2. **No transport enum**: Rather than defining an enum of all possible transports with their configurations, we use string keys (`"tcp"`, `"rdma"`, `"grpc"`, etc.). This allows transports to be added without modifying the common types.

3. **KV-store friendly**: The entire address serializes to a `Bytes` blob, suitable for storage in etcd, Redis, or any key-value store without schema changes.

```rust
use velo_common::WorkerAddress;
use std::collections::HashMap;

// Addresses are typically constructed by velo-transports transport builders,
// but here we demonstrate the consumer API:
let mut map = HashMap::new();
map.insert("tcp".to_string(), b"tcp://127.0.0.1:5555".to_vec());
map.insert("rdma".to_string(), b"rdma://10.0.0.1:6666".to_vec());
let encoded = rmp_serde::to_vec(&map).unwrap();
let address = WorkerAddress::from_encoded(encoded);

// Reading an address (consumer perspective)
let transports = address.available_transports().unwrap();  // ["tcp", "rdma"]
let tcp_endpoint = address.get_entry("tcp").unwrap();      // Some(Bytes)
```

### TransportKey

A type-safe wrapper around transport identifiers.
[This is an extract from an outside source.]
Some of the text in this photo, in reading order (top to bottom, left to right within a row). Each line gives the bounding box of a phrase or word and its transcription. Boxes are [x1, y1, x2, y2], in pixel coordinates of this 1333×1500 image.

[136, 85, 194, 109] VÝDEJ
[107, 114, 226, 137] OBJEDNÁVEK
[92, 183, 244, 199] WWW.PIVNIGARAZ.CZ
Provides zero-cost abstraction over `Arc<str>` with efficient cloning and HashMap compatibility.

```rust
use velo_common::TransportKey;
use std::collections::HashMap;

let key = TransportKey::from("tcp");
let key2: TransportKey = "rdma".into();

// Works with HashMap lookups via Borrow<str>
let mut map = HashMap::new();
map.insert(TransportKey::from("tcp"), "127.0.0.1:5555");
assert!(map.get("tcp").is_some());  // &str lookup works
```

### PeerInfo

Combines `InstanceId` and `WorkerAddress` into a single structure representing a discoverable peer. This is the primary type exchanged during peer discovery and registration.

```rust
use velo_common::{InstanceId, PeerInfo, WorkerAddress};
use std::collections::HashMap;

let instance_id = InstanceId::new_v4();
let map: HashMap<String, Vec<u8>> = HashMap::new();
let encoded = rmp_serde::to_vec(&map).unwrap();
let worker_address = WorkerAddress::from_encoded(encoded);

let peer_info = PeerInfo::new(instance_id, worker_address);
assert_eq!(peer_info.instance_id(), instance_id);
```

## Address Construction

`WorkerAddress` instances are constructed by transport builders in `velo-transports`. Each transport (TCP, gRPC, NATS, UCX, etc.) contributes its endpoint data:

```text
┌─────────────────┐     ┌─────────────────┐     ┌─────────────────┐
│  TCP Transport  │     │ gRPC Transport  │     │  UCX Transport  │
│  Builder        │     │  Builder        │     │  Builder        │
└────────┬────────┘     └────────┬────────┘     └────────┬────────┘
         │                       │                       │
         │ "tcp" -> endpoint     │ "grpc" -> endpoint    │ "ucx" -> blob
         │                       │                       │
         └───────────────────────┼───────────────────────┘


                    ┌────────────────────────┐
                    │    WorkerAddress       │
                    │  (MessagePack map)     │
                    │                        │
                    │  tcp  -> bytes         │
                    │  grpc -> bytes         │
                    │  ucx  -> bytes         │
                    └────────────────────────┘
```

When a Velo client receives a `PeerInfo`, it can:
1. Check `available_transports()` to see what's supported
2. Extract the relevant endpoint via `get_entry(key)`
3. Register the peer with its own transports

This design decouples the common types from specific transport implementations.

## Wire Format

- **InstanceId**: Serializes as a UUID string (JSON) or 16 bytes (binary)
- **WorkerId**: Serializes as a u64
- **WorkerAddress**: Serializes as a byte array (the MessagePack-encoded map)
- **PeerInfo**: Serializes as a struct with `instance_id` and `worker_address` fields

All types implement `serde::Serialize` and `serde::Deserialize`.